“Not if he was cabin boy,” returned Bob. “Cabin boys eat at the officers’ mess.”
“Who said he was cabin boy?” asked Dan. “I’ll bet he was just a—a sort of apprentice. Why can’t we have him up here and hear what the row is?”
“They might see him from the tug,” said Tom, glancing uneasily toward that boat.
“What if they do? They know he’s here, anyhow. Call him up, Nelson.”
And in a moment he appeared at the steps, glanced about him anxiously and diffidently, and stood as though awaiting further instructions. He was a small boy, but he looked hard and healthy. His rather thin face was bronzed by the wind, and the skin on the end of his funny little upturned nose was peeling off, perhaps from the same cause. He didn’t look overly clean, but he had rather nice, honest brown eyes and a serious mouth, at one corner of which, just at present, a flake of pilot bread was adhering. He was dressed in a pair of brown trousers, which were neither long nor short but which left off a good three inches above his shoes, a blue-and-white-striped cotton shirt, guiltless of collar or tie, and a jacket, very much too large for him, of a color once blue and now a queer brownish purple. His hands were broad, and brown and scarred—not at all pretty to look at—with broken and blackened nails. On his touseled brown hair he wore a dirty canvas cap. As the Four observed him for a moment in silence, he took off his cap, awkwardly and hesitatingly, and clutched it in his hands.

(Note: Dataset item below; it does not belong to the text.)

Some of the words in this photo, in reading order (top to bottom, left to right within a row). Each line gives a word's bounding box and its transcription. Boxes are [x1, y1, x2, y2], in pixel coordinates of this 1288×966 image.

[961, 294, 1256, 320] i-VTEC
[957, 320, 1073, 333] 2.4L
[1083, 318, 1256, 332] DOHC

“What’s your name?” asked Bob kindly.
“Spencer Floyd,” was the answer in a husky voice that seemed years too old for him.

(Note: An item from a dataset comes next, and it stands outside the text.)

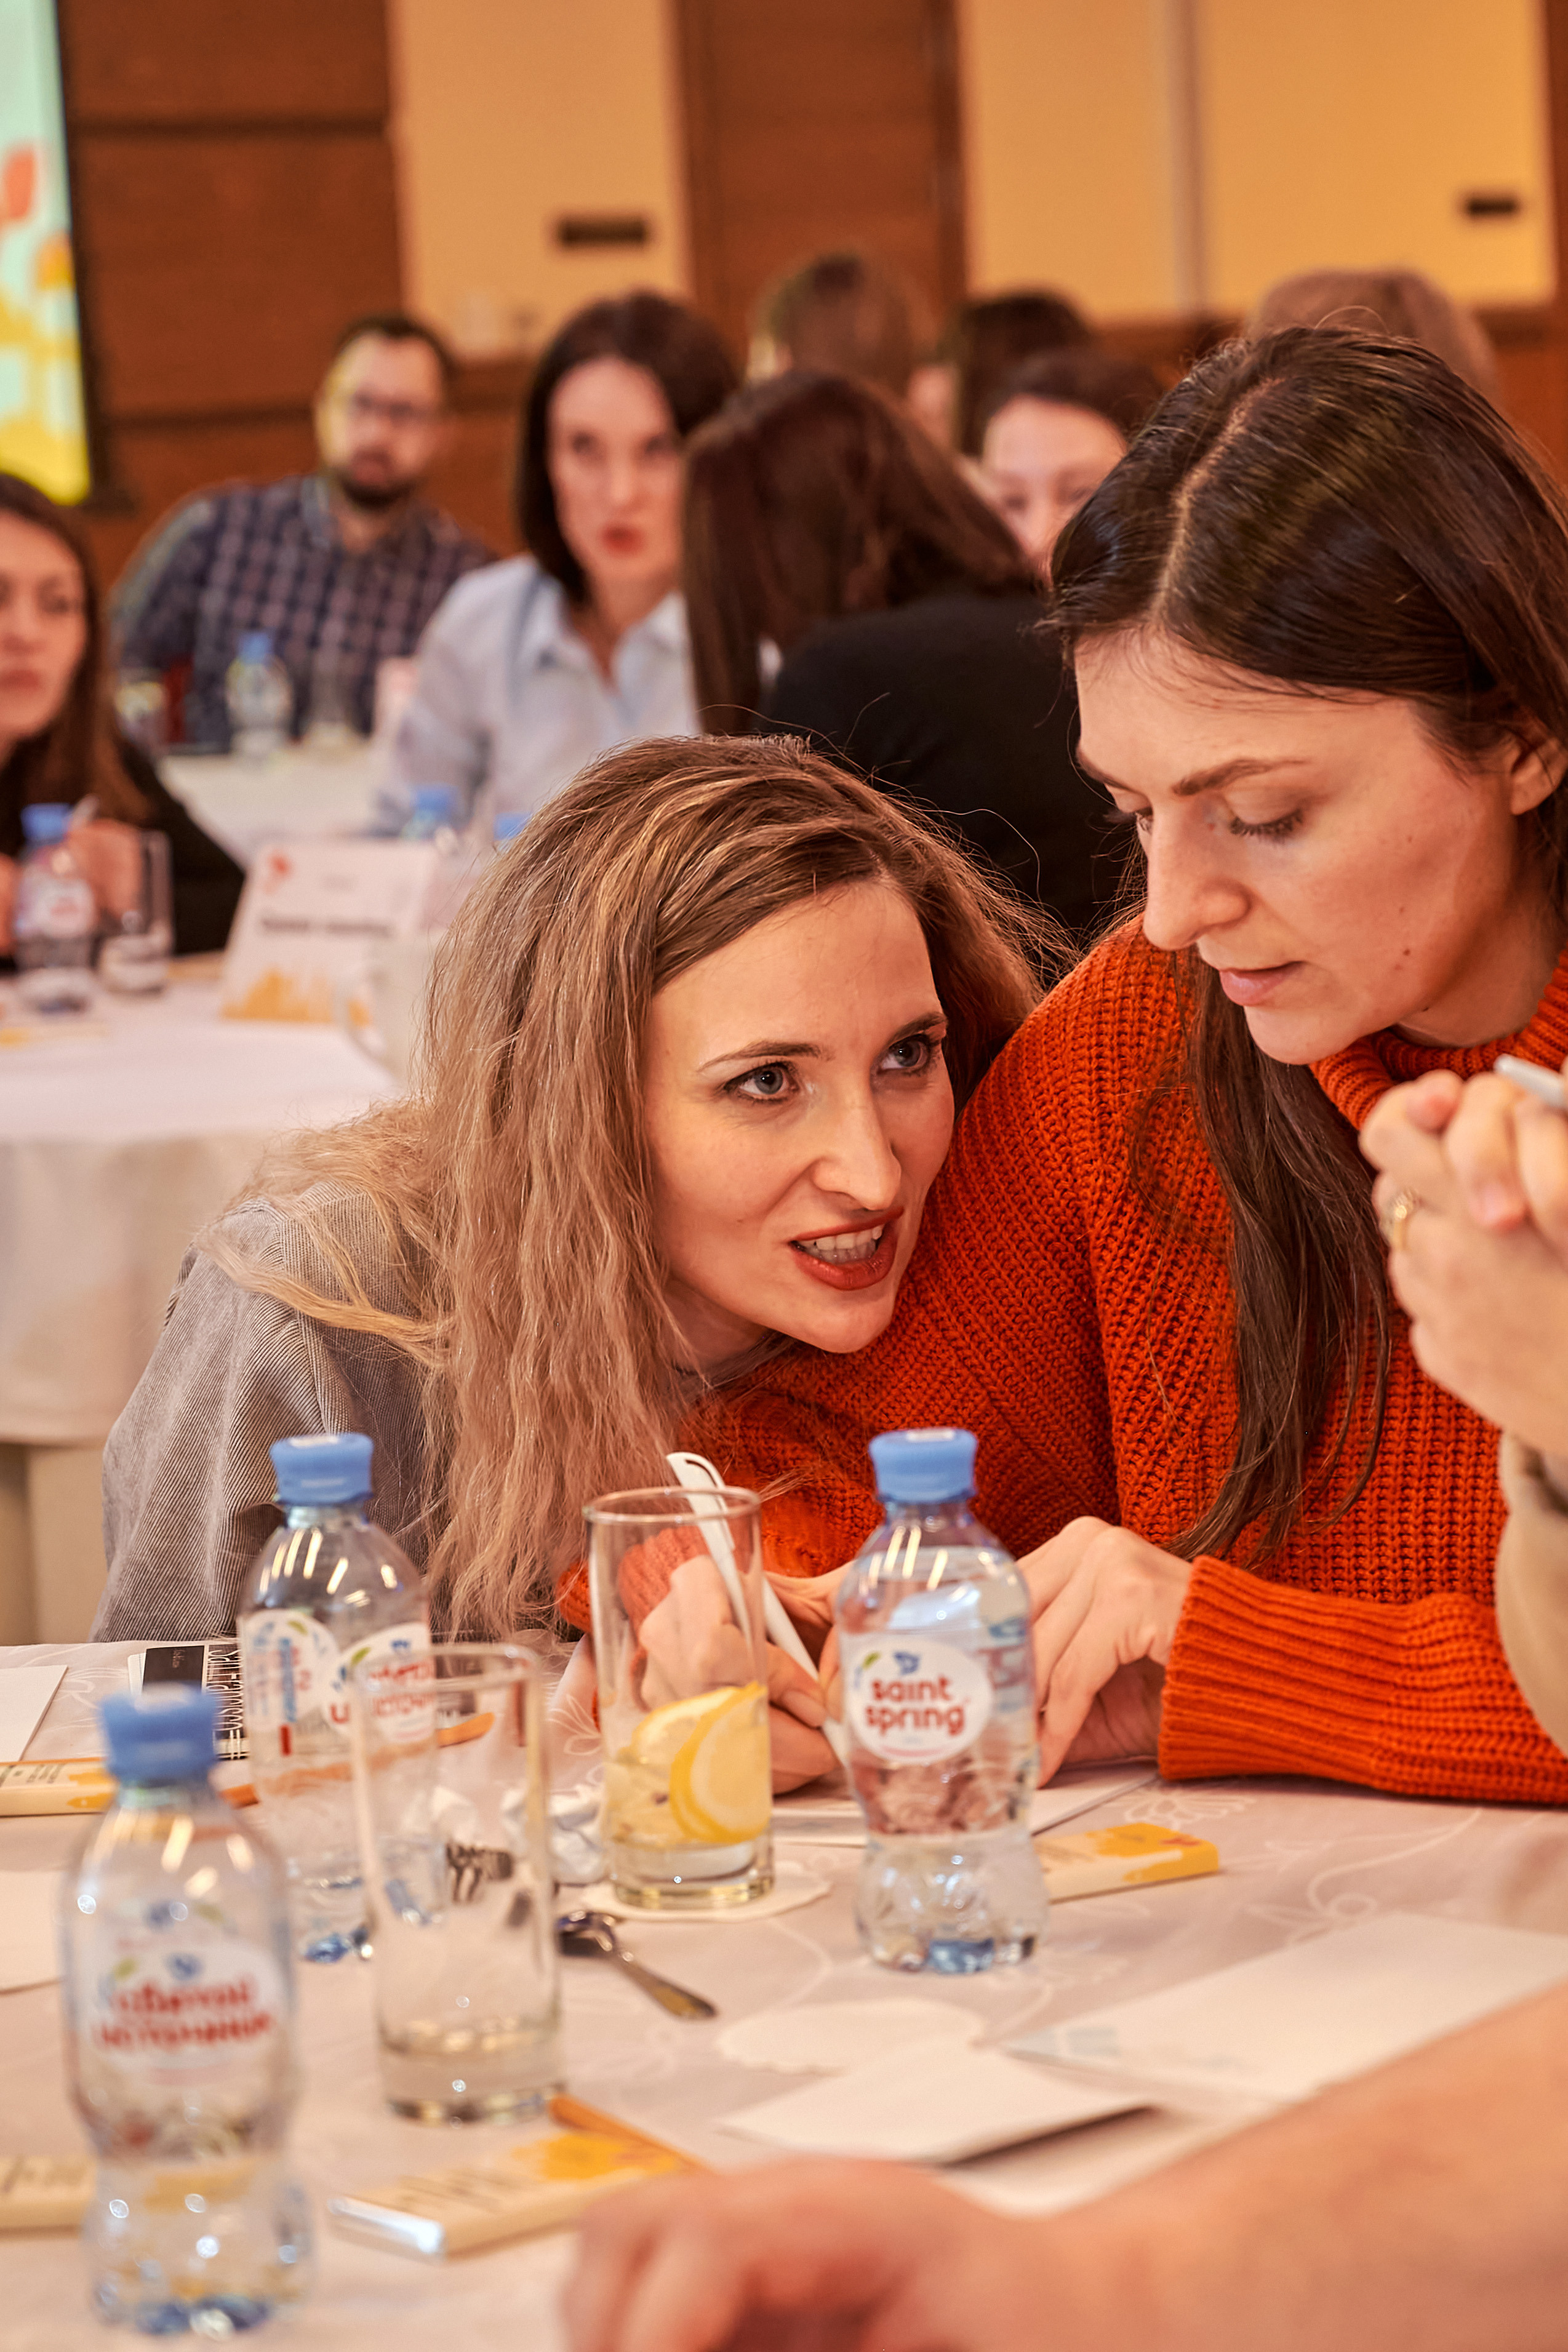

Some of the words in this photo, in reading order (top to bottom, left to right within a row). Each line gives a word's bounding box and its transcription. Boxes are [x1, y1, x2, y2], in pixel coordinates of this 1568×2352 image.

[208, 1649, 242, 1670] San
[872, 1675, 951, 1702] saint
[865, 1705, 965, 1737] spring

“Well, Spencer, supposing you sit down there and tell us what the trouble is,” Bob suggested. “Your friend the captain’s after us in the tug back there, but I don’t believe he’ll catch us. What’s the trouble between the captain and you? Let’s hear about it.”
The boy climbed up so that he could see the pursuing tug. He watched it for a moment silently. Then he sat down obediently on the top step and looked at his cap. Evidently he needed prompting.
“Wasn’t the captain good to you?” asked Dan. Spencer shook his head slowly.